Data Start Marker

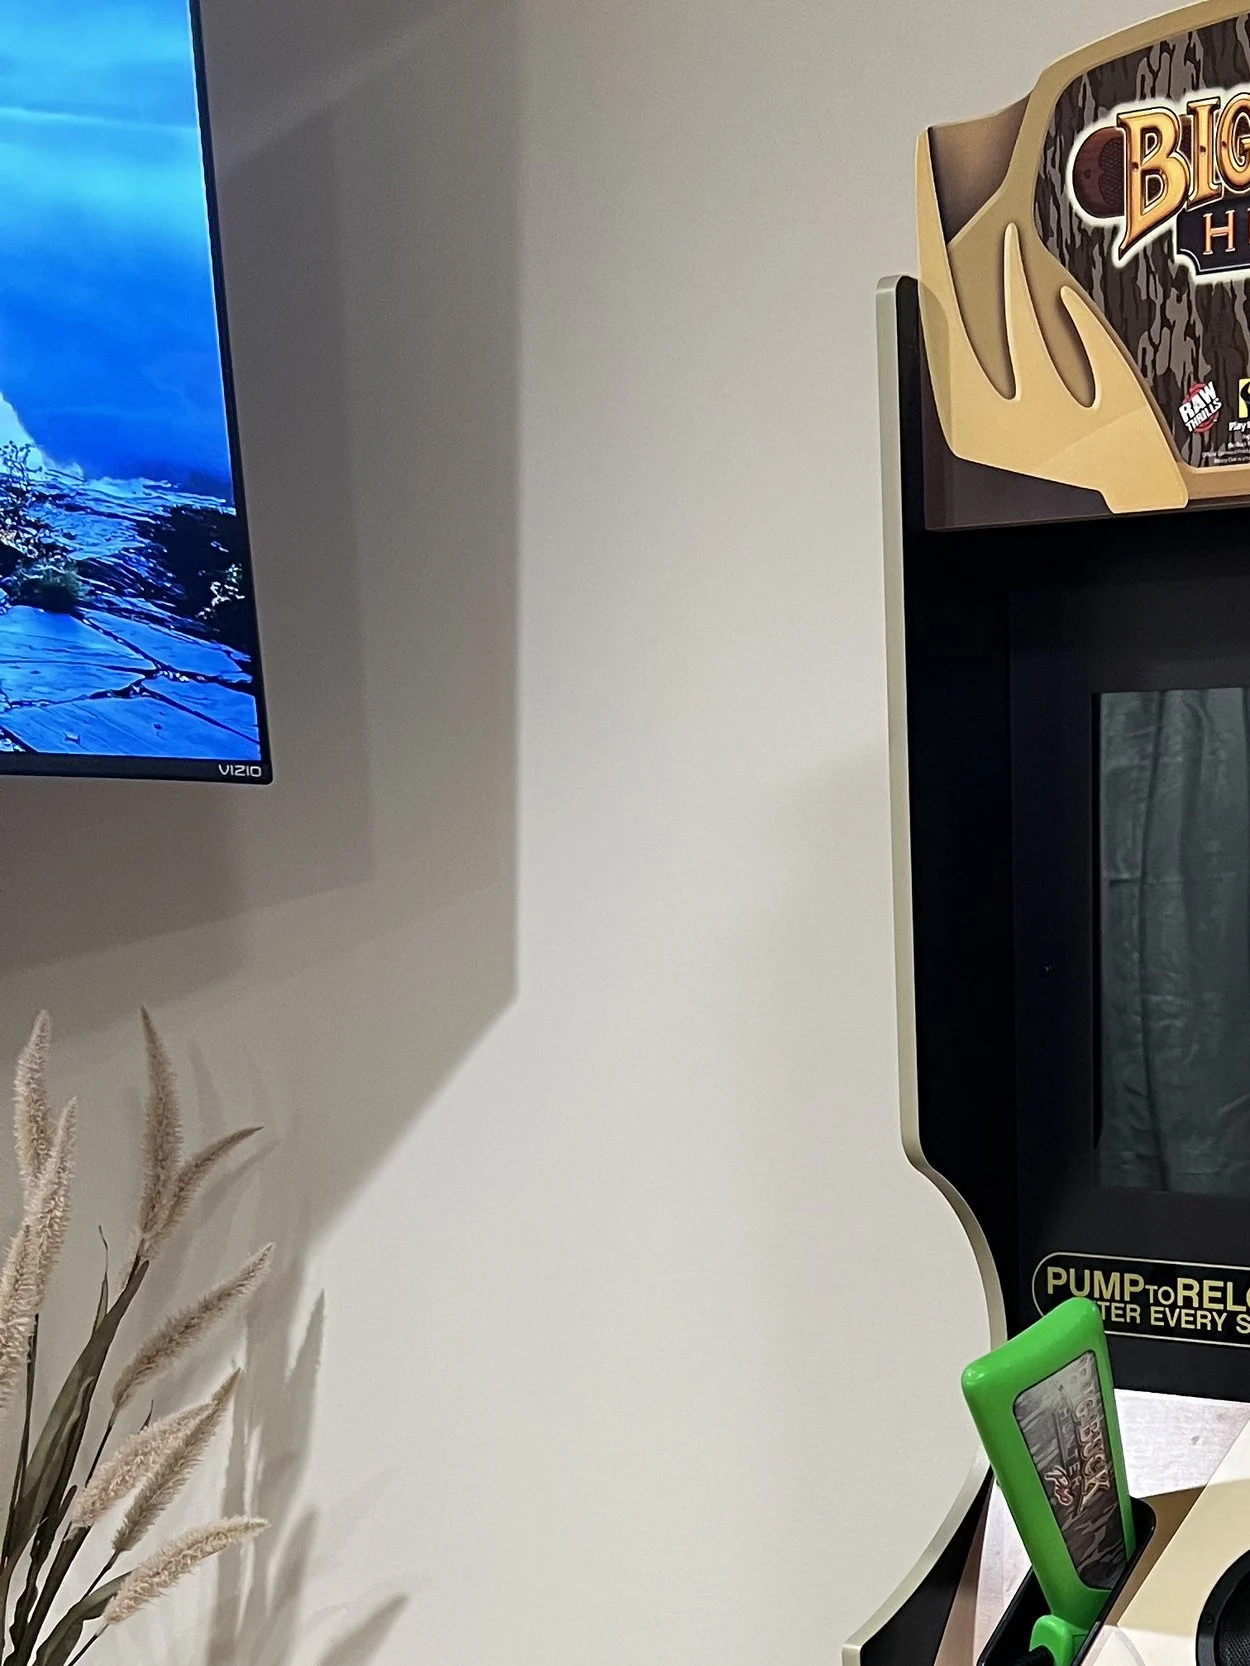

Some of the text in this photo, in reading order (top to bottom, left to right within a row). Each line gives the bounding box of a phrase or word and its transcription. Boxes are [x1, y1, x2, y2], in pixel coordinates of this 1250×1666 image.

[1179, 381, 1217, 421] RAW
[1185, 397, 1222, 432] THRILLS
[1229, 421, 1247, 432] Play
[218, 764, 262, 777] VIZIO
[1047, 1266, 1144, 1301] PUMP
[1097, 1301, 1141, 1324] TER
[1150, 1306, 1228, 1333] EVERY
[1058, 1408, 1083, 1489] HUNTER
[1077, 1413, 1111, 1511] BUCK
[1045, 1465, 1073, 1505] Pro

Data End Marker

> [What this task involves]: Reproduce the data above exactly, leaving out any picture in it.

> [Expected answer]:
Some of the text in this photo, in reading order (top to bottom, left to right within a row). Each line gives the bounding box of a phrase or word and its transcription. Boxes are [x1, y1, x2, y2], in pixel coordinates of this 1250×1666 image.

[1179, 381, 1217, 421] RAW
[1185, 397, 1222, 432] THRILLS
[1229, 421, 1247, 432] Play
[218, 764, 262, 777] VIZIO
[1047, 1266, 1144, 1301] PUMP
[1097, 1301, 1141, 1324] TER
[1150, 1306, 1228, 1333] EVERY
[1058, 1408, 1083, 1489] HUNTER
[1077, 1413, 1111, 1511] BUCK
[1045, 1465, 1073, 1505] Pro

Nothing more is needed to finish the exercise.